Monash, known as Lone Gum to the early settlers, is a town in the Riverland area of South Australia. It is on the Sturt Highway between Barmera and Renmark. It is particularly known for its adventure playground, in existence since the 1970s and now known as Monash Adventure Park.

==History==
Aboriginal people were settled in the Riverland area long before the colonisation of South Australia, with the Erawirung people being the traditional owners.

The part of the settlement which became Monash was named Lone Gum, after a prominent local landmark, a river red gum tree (Eucalyptus camaldulensis), by the first European settlers there, who were soldiers, in 1916. After the end of World War I, land was allocated to repatriated soldiers, as part of the state government Soldier Settler Scheme.

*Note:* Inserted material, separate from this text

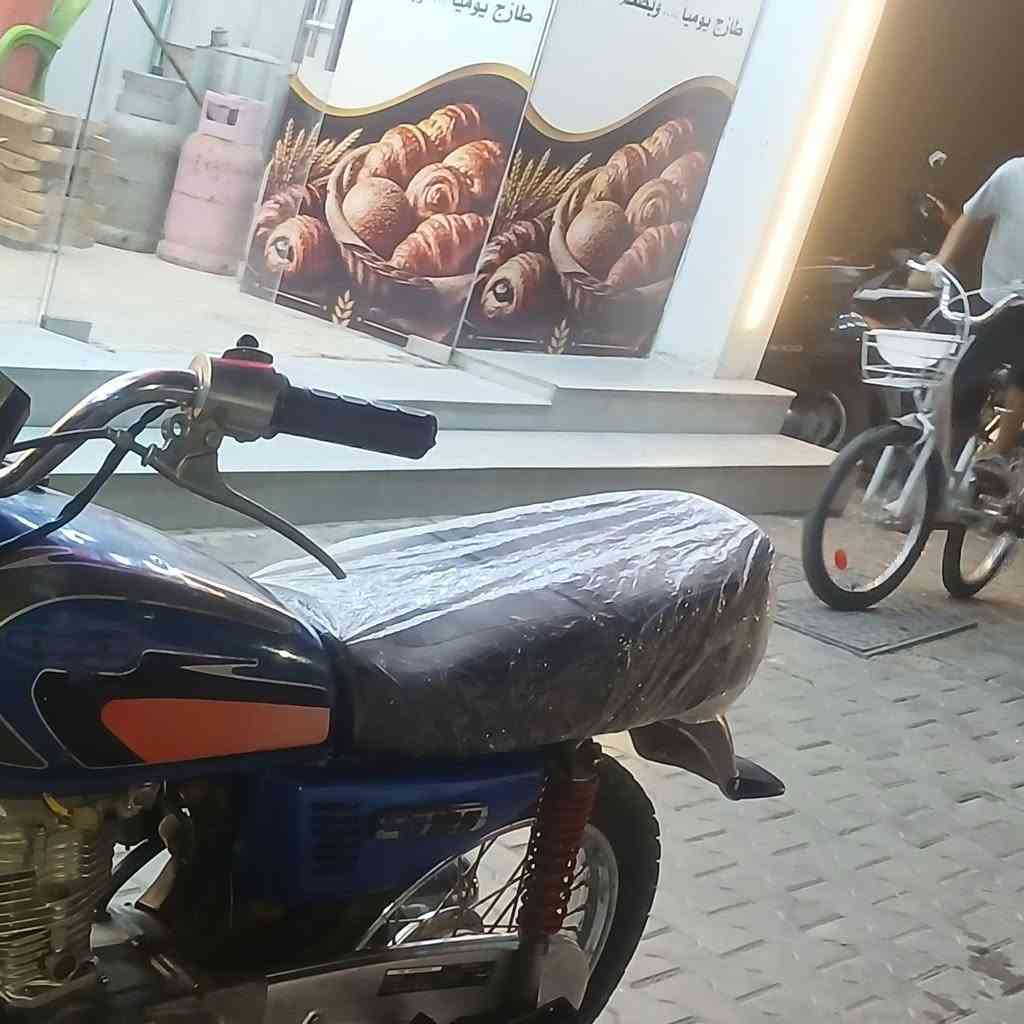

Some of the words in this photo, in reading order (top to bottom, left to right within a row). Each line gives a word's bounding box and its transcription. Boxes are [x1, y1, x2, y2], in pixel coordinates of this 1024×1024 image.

Monash was proclaimed in August 1921 and is named after General Sir John Monash, a World War I army commander. It continued to be referred to as Lone Gum until at least 1926, when the ANZACs were commemorated there.

The tree's image is used on the Monash Primary School emblem.

==Governance and demographics==
Monash is in the Berri Barmera Council, state electoral district of Chaffey, and federal Division of Barker. Its postcode is 5342.

In the 2021 Australian census, the population of Monash was 1,110, with a median age of 47. The predominant ancestries were English and Australian, with German coming in third at 14%.

==Economy==
The primary industry is irrigated horticulture, in particular stone fruits, and viticulture.

==Attractions==
===Gurra Gurra===
The Gurra Gurra wetlands, part of the Murray River National Park, cover around 3,000 ha on the eastern bank of the Murray, with its lakes bordering the Sturt Highway near Monash. Bird life is prolific across the drowned floodplain, including pelicans, black swans, darters, and ducks.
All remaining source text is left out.